• _Records_:
• • • • •

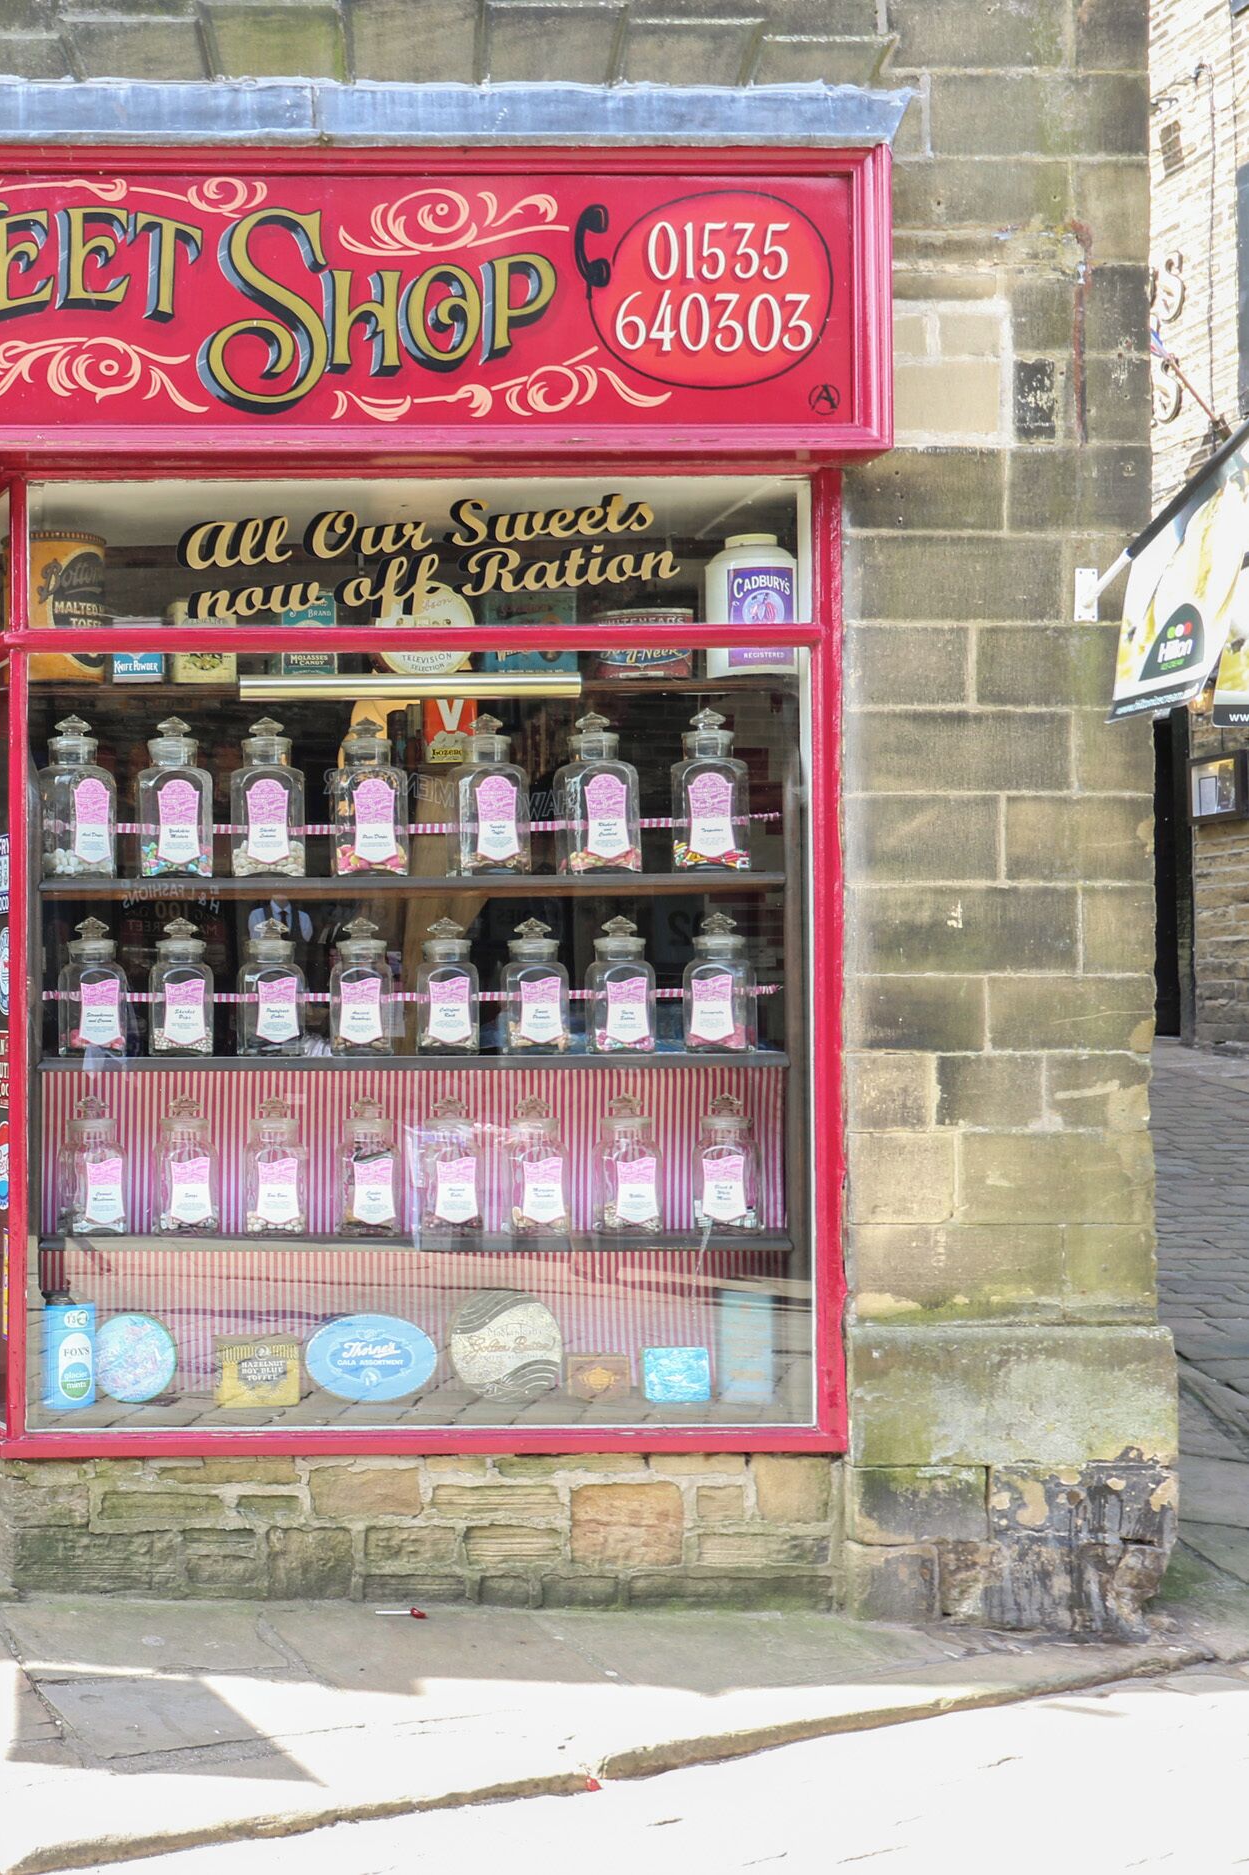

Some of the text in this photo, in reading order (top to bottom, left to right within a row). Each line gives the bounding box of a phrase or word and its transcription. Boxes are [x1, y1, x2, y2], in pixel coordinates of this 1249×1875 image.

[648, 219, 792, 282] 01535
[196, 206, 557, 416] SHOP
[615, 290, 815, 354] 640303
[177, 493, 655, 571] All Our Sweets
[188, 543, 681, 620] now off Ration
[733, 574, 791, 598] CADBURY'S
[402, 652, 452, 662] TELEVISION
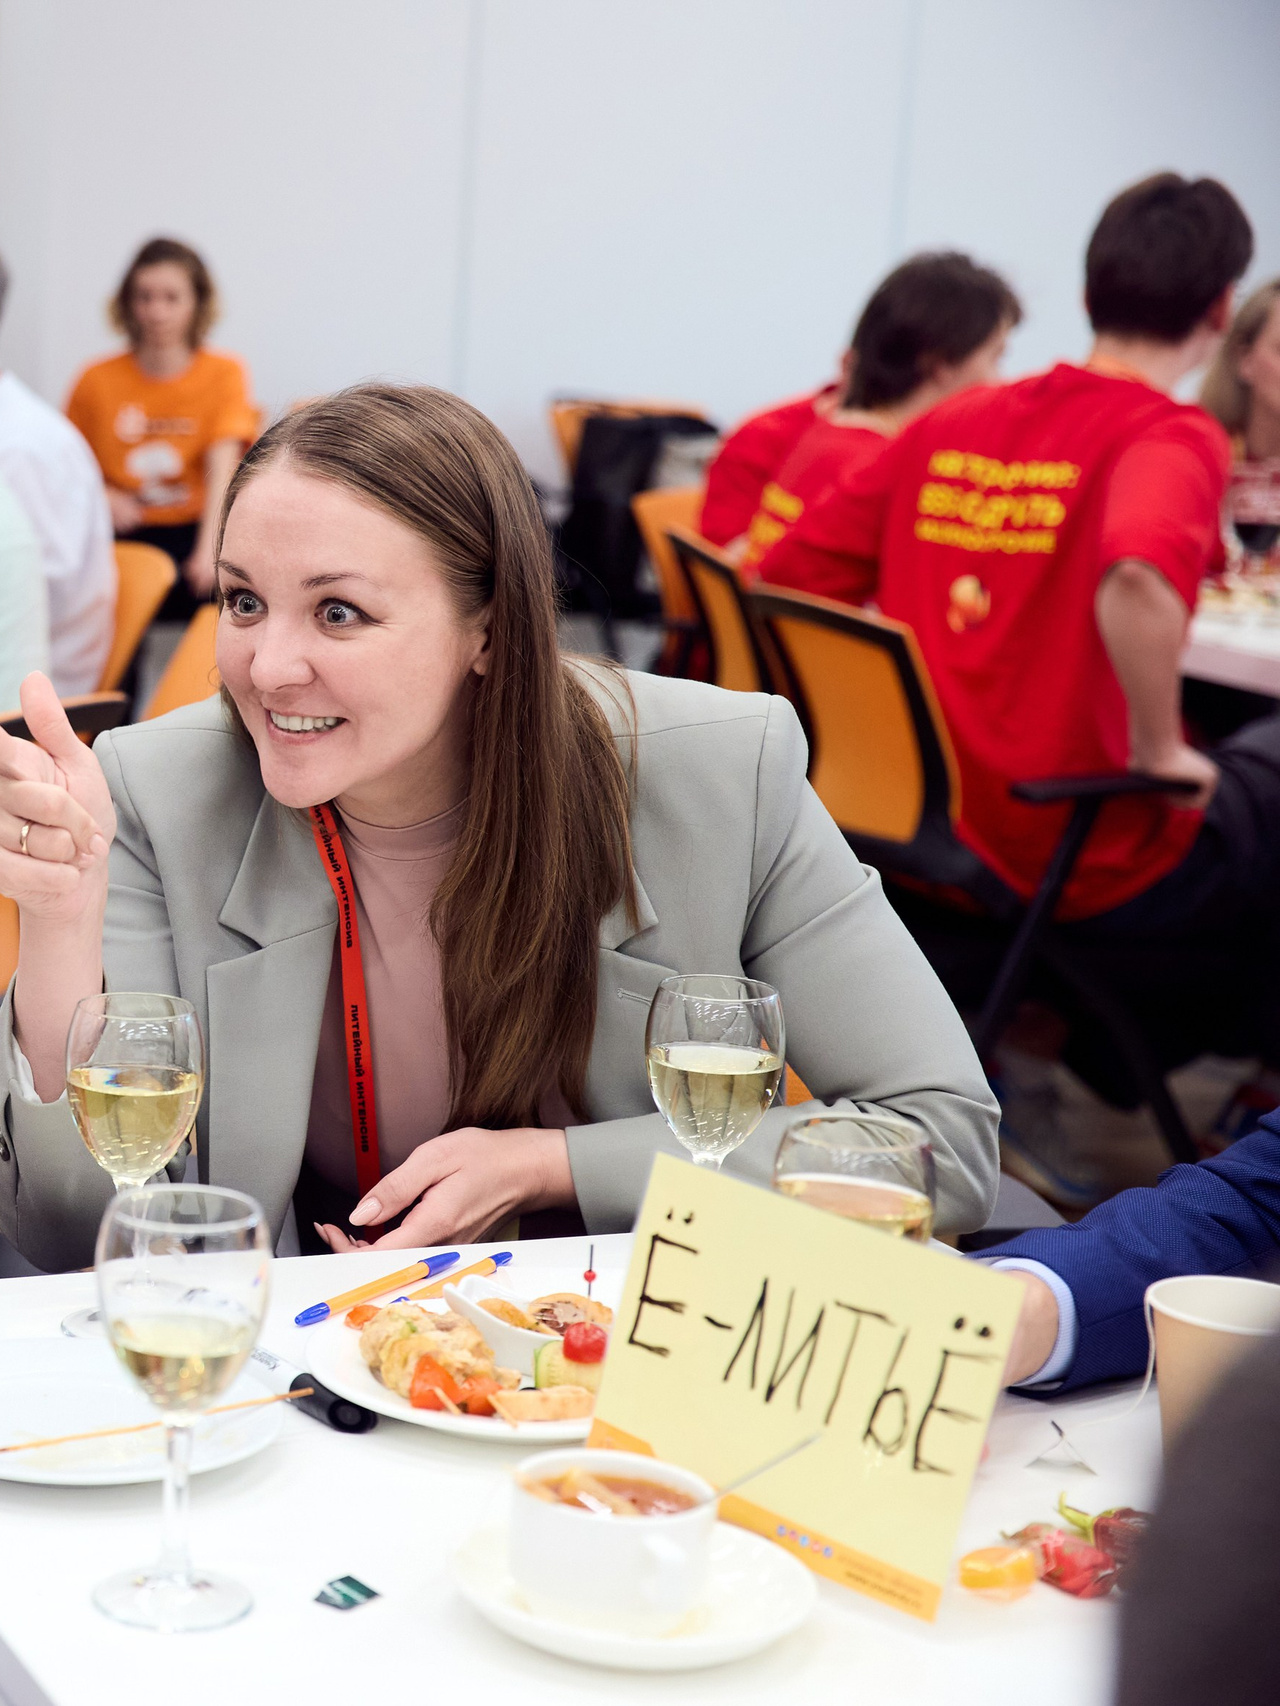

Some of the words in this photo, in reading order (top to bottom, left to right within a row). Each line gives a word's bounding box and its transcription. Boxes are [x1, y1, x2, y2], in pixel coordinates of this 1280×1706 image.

• • • • •

Produce a word-for-word copy of the records, omitting all images.

• _Task response_:
Some of the text in this photo, in reading order (top to bottom, left to right within a row). Each line gives the bounding box of a phrase or word and its transcription. Boxes are [x1, y1, x2, y2], in pixel coordinates of this 1249×1875 image.

[648, 219, 792, 282] 01535
[196, 206, 557, 416] SHOP
[615, 290, 815, 354] 640303
[177, 493, 655, 571] All Our Sweets
[188, 543, 681, 620] now off Ration
[733, 574, 791, 598] CADBURY'S
[402, 652, 452, 662] TELEVISION

Some of the words in this photo, in reading order (top to bottom, left to right within a row). Each line gives a word's bounding box and its transcription. Boxes are [x1, y1, x2, y2], in pixel coordinates of this 1280×1706 image.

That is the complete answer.